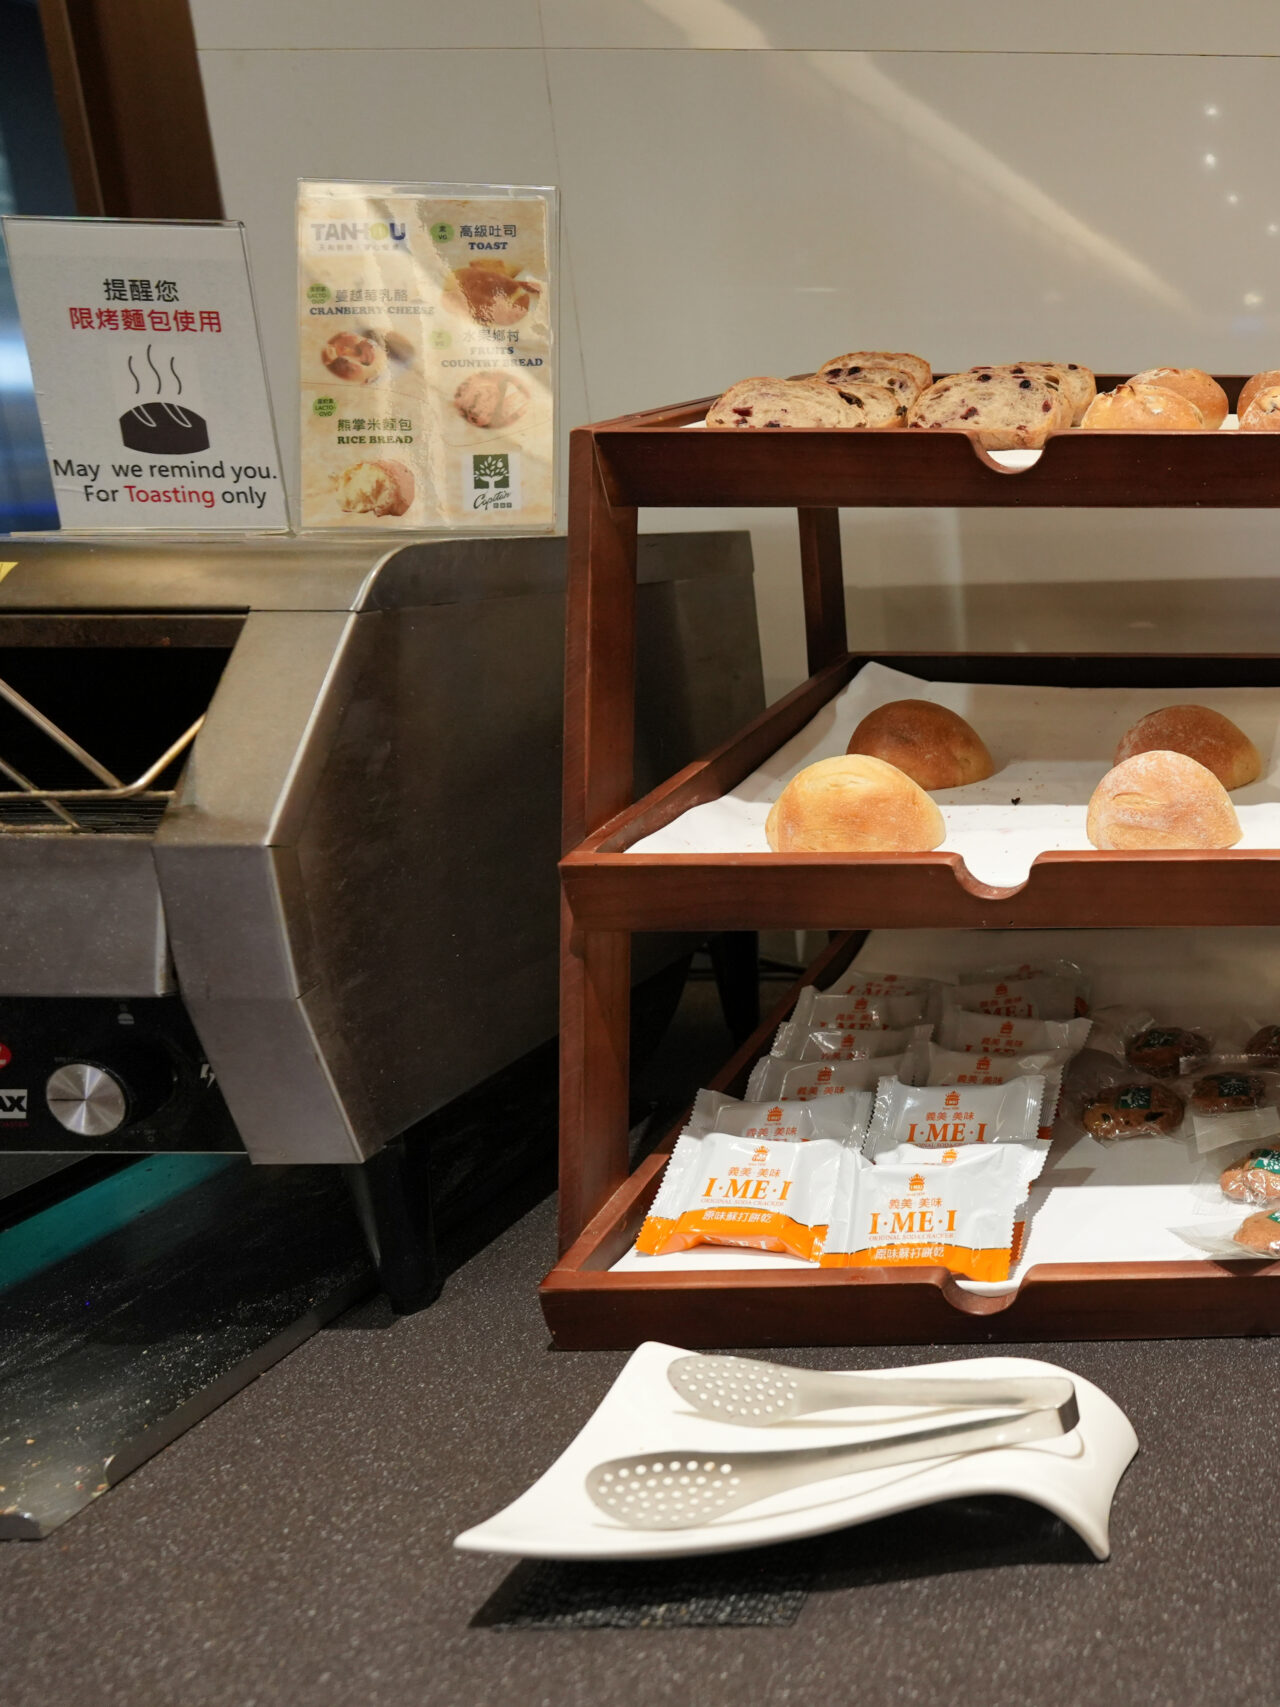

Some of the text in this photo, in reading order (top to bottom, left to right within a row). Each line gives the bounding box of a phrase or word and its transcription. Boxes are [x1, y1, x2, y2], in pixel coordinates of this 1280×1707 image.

[460, 224, 517, 238] 高級吐司
[468, 242, 508, 250] TOAST
[103, 279, 179, 302] 提醒您
[310, 306, 435, 316] CRANBERRY CHEESE
[69, 307, 222, 333] 限烤麵包使用
[441, 359, 498, 368] COUNTRY
[337, 435, 413, 444] RICE BREAD
[53, 459, 277, 484] May we remind you.
[84, 485, 266, 509] For Toasting only
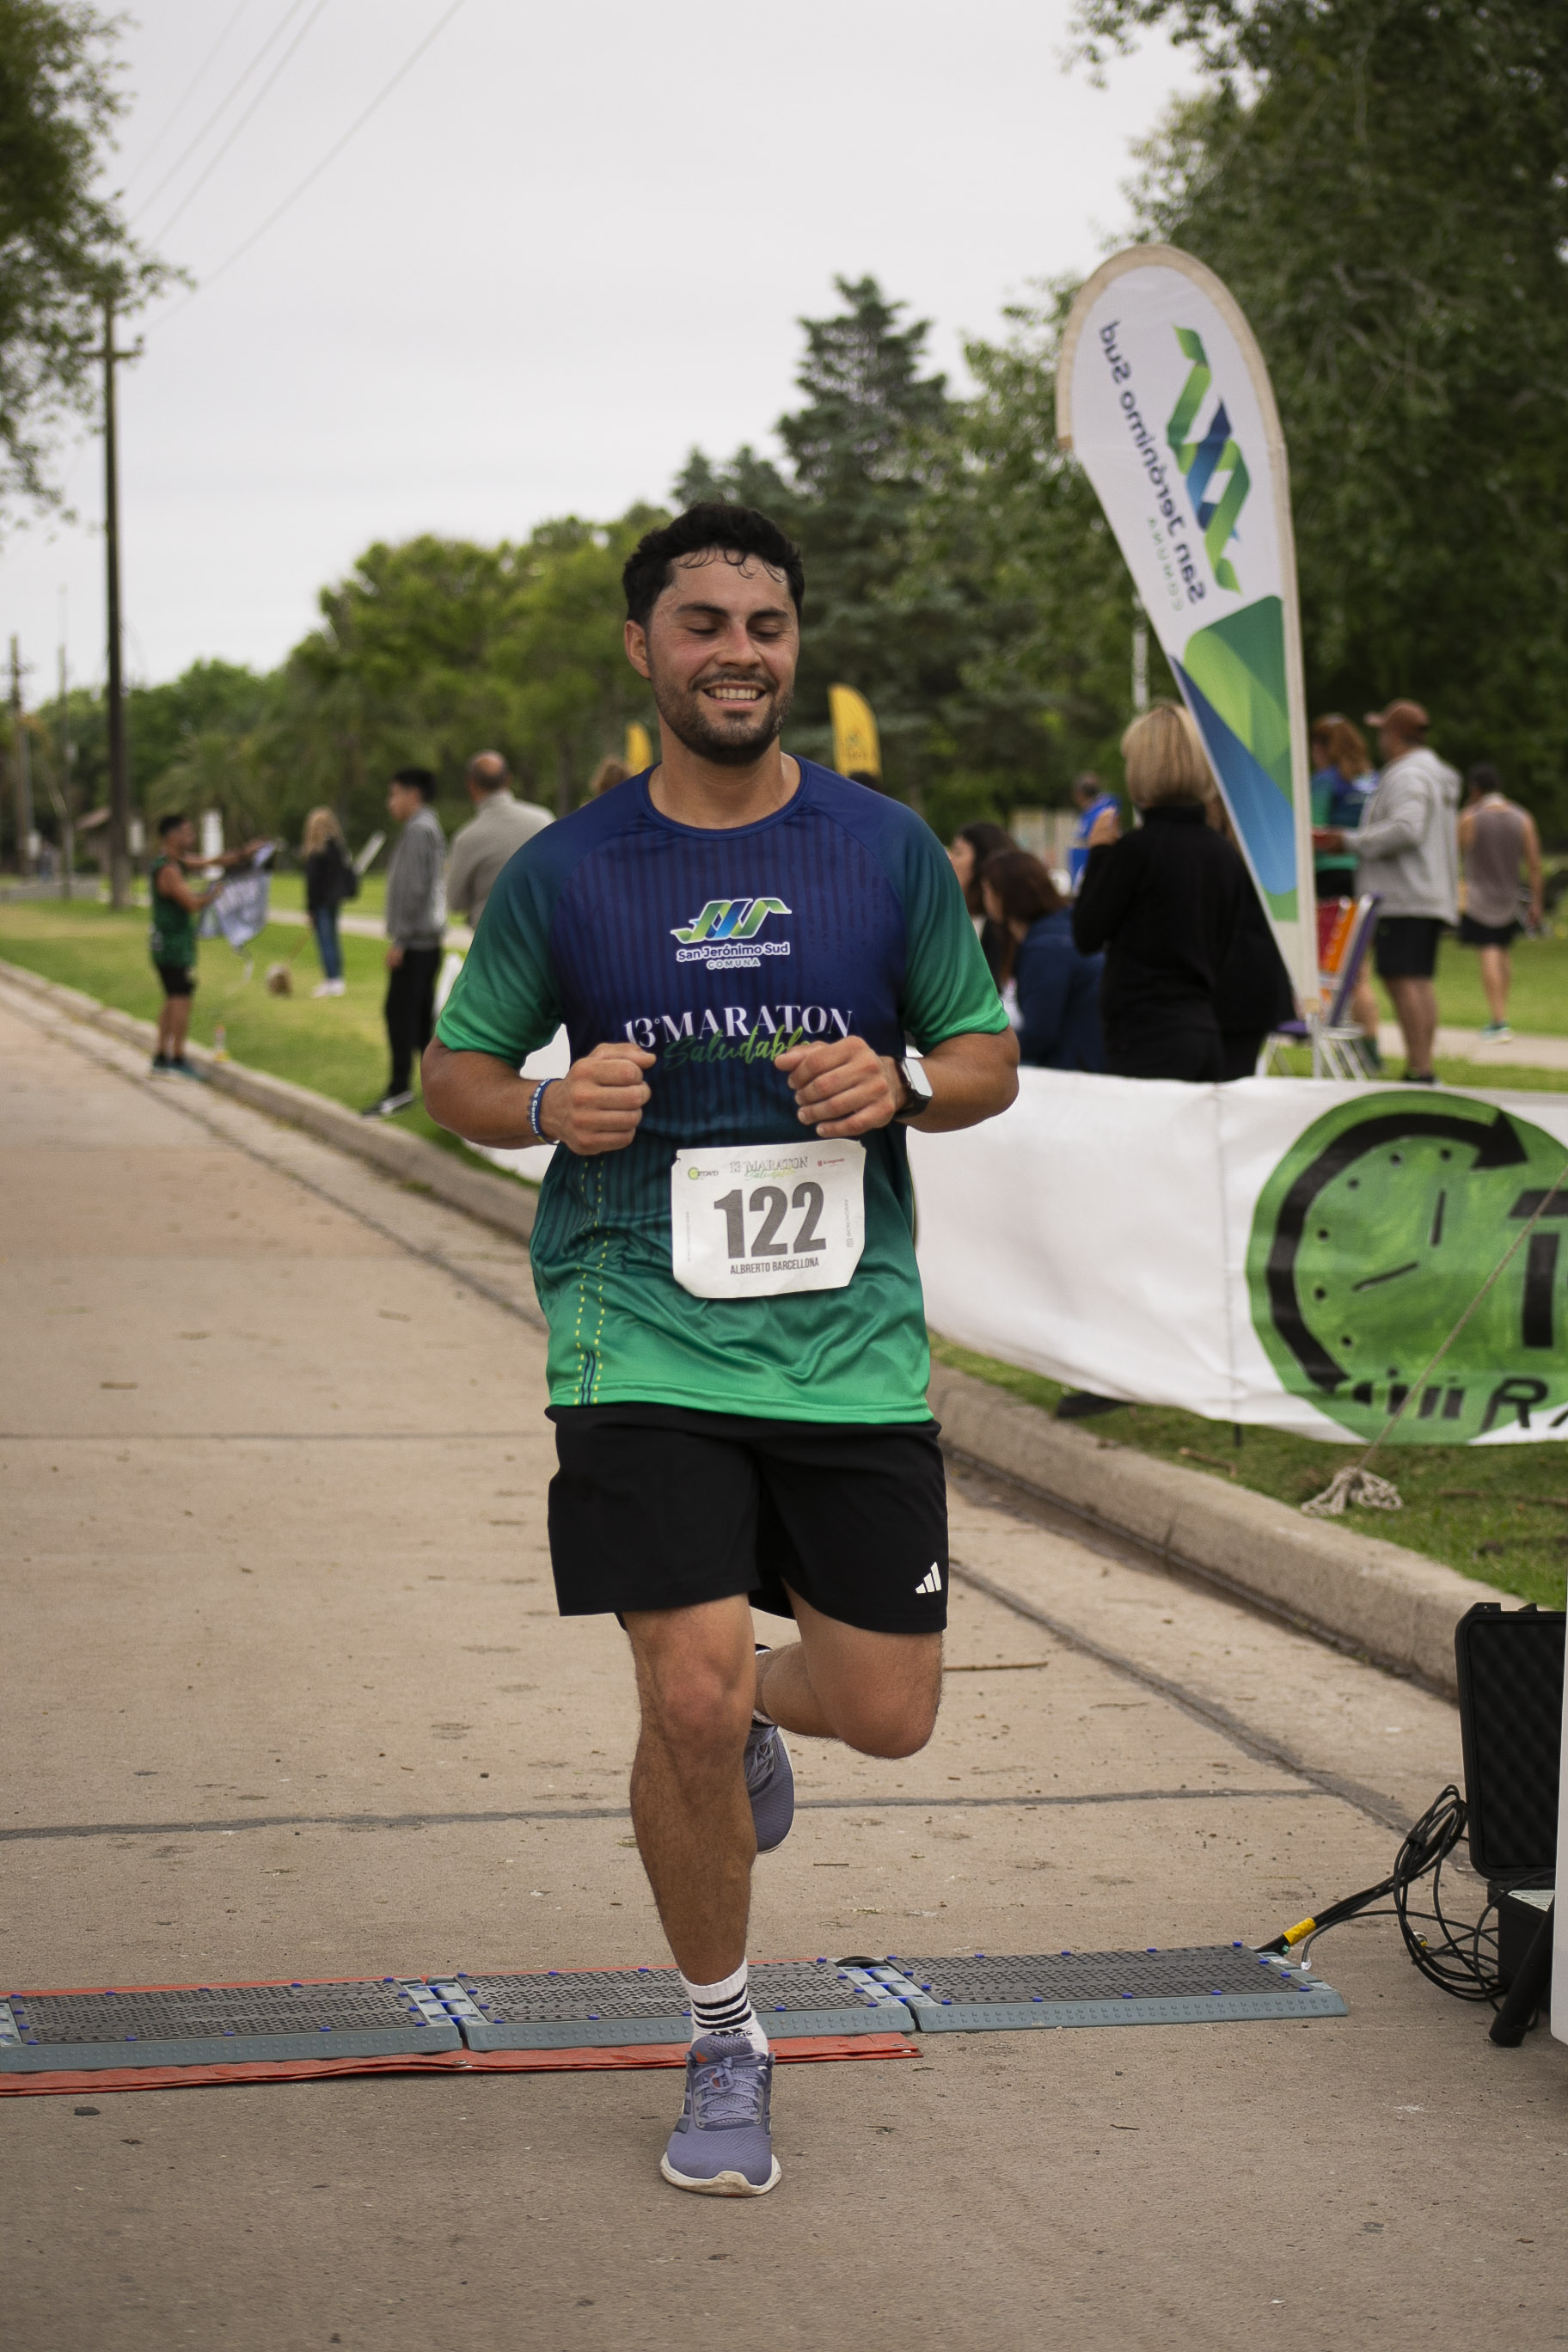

▬▬▬

_Assignment:_
Pictures stay out; the records above are otherwise reproduced exactly.

_Answer:_
Some of the text in this photo, in reading order (top to bottom, left to right within a row). Each line gives the bounding box of a phrase or word and its transcription. Boxes are [x1, y1, x2, y2], in pixel coordinates of this 1280×1707 image.

[460, 224, 517, 238] 高級吐司
[468, 242, 508, 250] TOAST
[103, 279, 179, 302] 提醒您
[310, 306, 435, 316] CRANBERRY CHEESE
[69, 307, 222, 333] 限烤麵包使用
[441, 359, 498, 368] COUNTRY
[337, 435, 413, 444] RICE BREAD
[53, 459, 277, 484] May we remind you.
[84, 485, 266, 509] For Toasting only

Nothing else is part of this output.